News & Events

Protect mental-health parity, but scrutiny is inevitable

May 24, 2010

IN THE abstract, everyone who feels the sting of rising health care premiums understands the need to hold down costs. In practice, such efforts may look to medical providers like unwelcome outside interference. The state’s Group Insurance Commission, which provides health care for many state employees, has moved to tighten the reins on out-of-network therapists. This has raised alarm among mental health advocates, who say stricter rules to gain approval for treatment aren’t just intrusive, but may violate federal rules aimed at bringing parity to medical and mental health care.

For now, the objections are premature.

The federal parity law recognizes the need to treat mental conditions that can be just as debilitating as bodily diseases. The measure prohibits health insurance plans from having more stringent reviews for treatment in a mental-health setting, such as hourlong talk therapy, compared to strictly medical treatments. But new regulations relevant to such reviews don’t take effect until July. Fortunately, there’s still time for the GIC, its various health plans, and other insurance providers to take a close look at their policies and make sure they are compliant with the law.

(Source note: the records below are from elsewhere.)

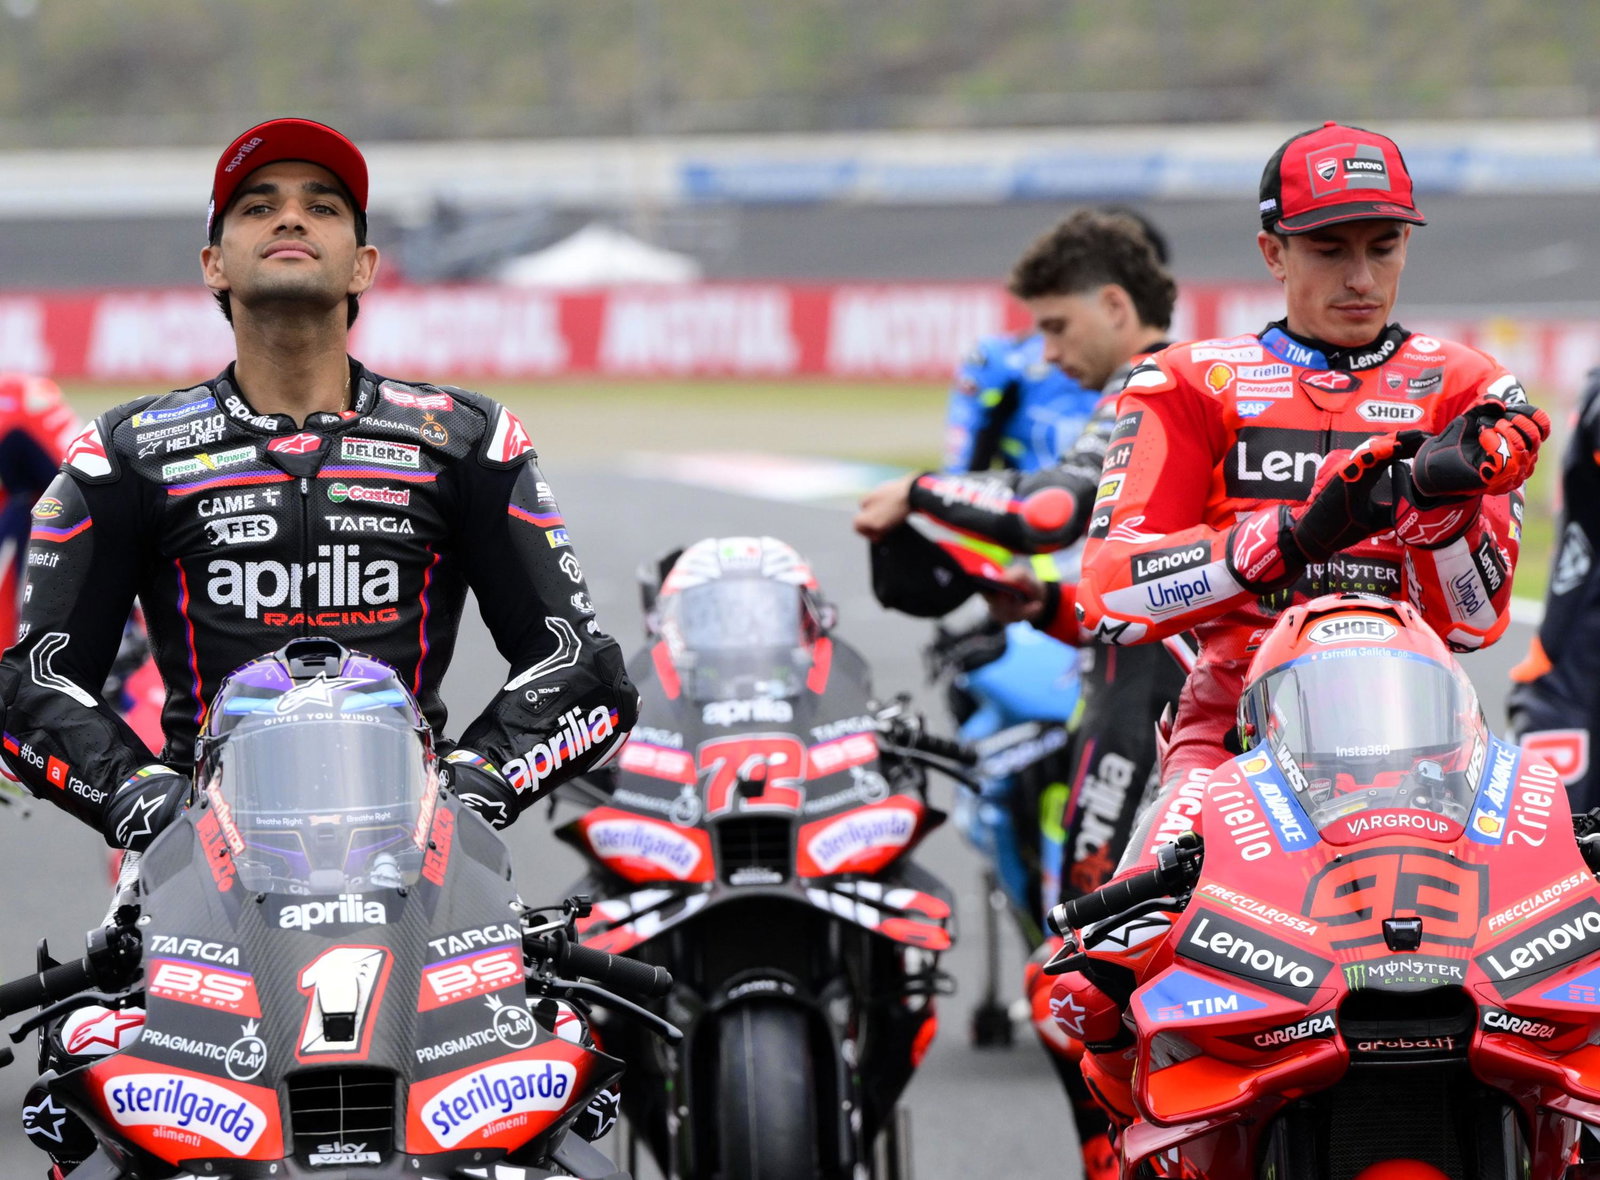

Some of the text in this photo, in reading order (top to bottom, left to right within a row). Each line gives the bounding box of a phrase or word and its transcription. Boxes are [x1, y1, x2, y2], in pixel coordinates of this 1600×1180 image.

[225, 137, 263, 173] aprilia
[1346, 160, 1383, 171] Lenovo
[1286, 343, 1313, 365] TIM
[1349, 340, 1395, 369] Lenovo
[1253, 365, 1289, 378] riello
[1409, 375, 1440, 388] Lenovo
[1239, 385, 1291, 393] CARRERA
[157, 402, 209, 419] MICHELIN
[225, 395, 279, 431] aprilia
[1238, 402, 1266, 415] SAP
[1367, 405, 1415, 419] SHOEI
[137, 414, 226, 442] SUPERTECH R10
[166, 429, 226, 453] HELMET
[359, 417, 446, 441] PRAGMATIC PLAY
[164, 464, 197, 477] Green
[216, 450, 252, 465] Power
[1237, 441, 1322, 482] Len
[198, 494, 256, 517] CAME
[348, 486, 410, 506] Castrol
[227, 519, 270, 539] FES
[324, 516, 414, 534] TARGA
[1137, 547, 1205, 578] Lenovo
[1478, 542, 1501, 591] Lenovo
[207, 544, 399, 619] aprilia
[1147, 570, 1212, 607] Unipol
[1312, 582, 1387, 591] ENERGY
[1455, 568, 1486, 617] Unipol
[263, 607, 399, 627] RACING
[1321, 620, 1385, 639] SHOEI
[264, 712, 381, 726] GIVES YOU WINGS
[702, 698, 794, 727] aprilia
[501, 704, 614, 796] aprilia
[1336, 744, 1390, 757] Insta360
[20, 743, 44, 769] #be
[68, 776, 109, 804] racer
[1277, 745, 1308, 792] WRS
[1514, 764, 1559, 830] riello
[256, 817, 304, 827] Breathe Right
[346, 811, 391, 823] Breathe Right
[1213, 790, 1272, 861] riello
[1255, 781, 1307, 843] ADVANCE
[279, 894, 386, 931] aprilia
[1201, 883, 1319, 936] FRECCIAROSSA
[1306, 848, 1486, 948] 93
[1488, 871, 1590, 931] FRECCIAROSSA
[150, 935, 240, 966] TARGA
[428, 923, 522, 957] TARGA
[1190, 917, 1314, 988] Lenovo
[1487, 910, 1600, 980] Lenovo
[152, 964, 247, 1002] BS
[426, 952, 518, 996] BS
[1368, 958, 1463, 980] MONSTER
[1384, 976, 1450, 985] ENERGY
[437, 973, 523, 1003] BATTERY
[298, 945, 392, 1062] 1
[1187, 994, 1239, 1016] TIM
[1253, 1015, 1336, 1047] CARRERA
[1484, 1011, 1556, 1039] CARRERA
[141, 1029, 264, 1069] PRAGMATIC PLAY
[415, 1016, 532, 1064] PRAGMATIC PLAY
[112, 1079, 255, 1142] sterilgarda
[431, 1063, 568, 1136] sterilgarda
[152, 1126, 201, 1147] alimenti
[482, 1113, 528, 1139] alimenti
[317, 1141, 368, 1154] sky

But at the heart of the GIC controversy is the broader question of how best to manage the mental health of patients in tough economic times. As employers and governments struggle to get a grip on spiraling health care costs, insurers will inevitably press medical providers harder on whether specific treatments for all manner of patients are necessary and effective.

In the GIC’s case, a 22 percent increase in mental health insurance rates prompted the commission to analyze its members’ usage patterns. It identified outpatient, out-of-network visits as an area where more careful monitoring was needed. That led to the new rule that out-of-network therapists for enrollees of the GIC’s largest insurer, United Behavioral Health, must justify — via a written form and sometimes phone calls — a patient’s need for treatment every 10 sessions.

Some therapists are complaining that the reviews are burdensome and the phone calls intimidating. The fear is that some therapists will drop their patients to avoid the hassle. That would be a sad outcome, but whether the practice is discriminatory is a much tougher question. Whether a patient needs additional weekly therapy sessions is necessarily a more complex issue than, say, whether a broken arm has healed.

United Behavioral Health says the average duration of a call to discuss treatment was eight minutes. The GIC says it recently implemented cost-containment measures for purely medical services, as well. For example, in November it voted to implement upfront deductibles for medical insurance plans that were not applied to mental health care coverage.

In an era of double-digit increases in health care premiums, psychotherapists aren’t the only health care providers who will face more stringent reviews. The trouble emerges when patient management tools become an excuse for insurers to game the system and lower costs at the expense of necessary treatment for patients. It would be wise for the GIC to stay vigilant and make sure it doesn’t fall into this trap.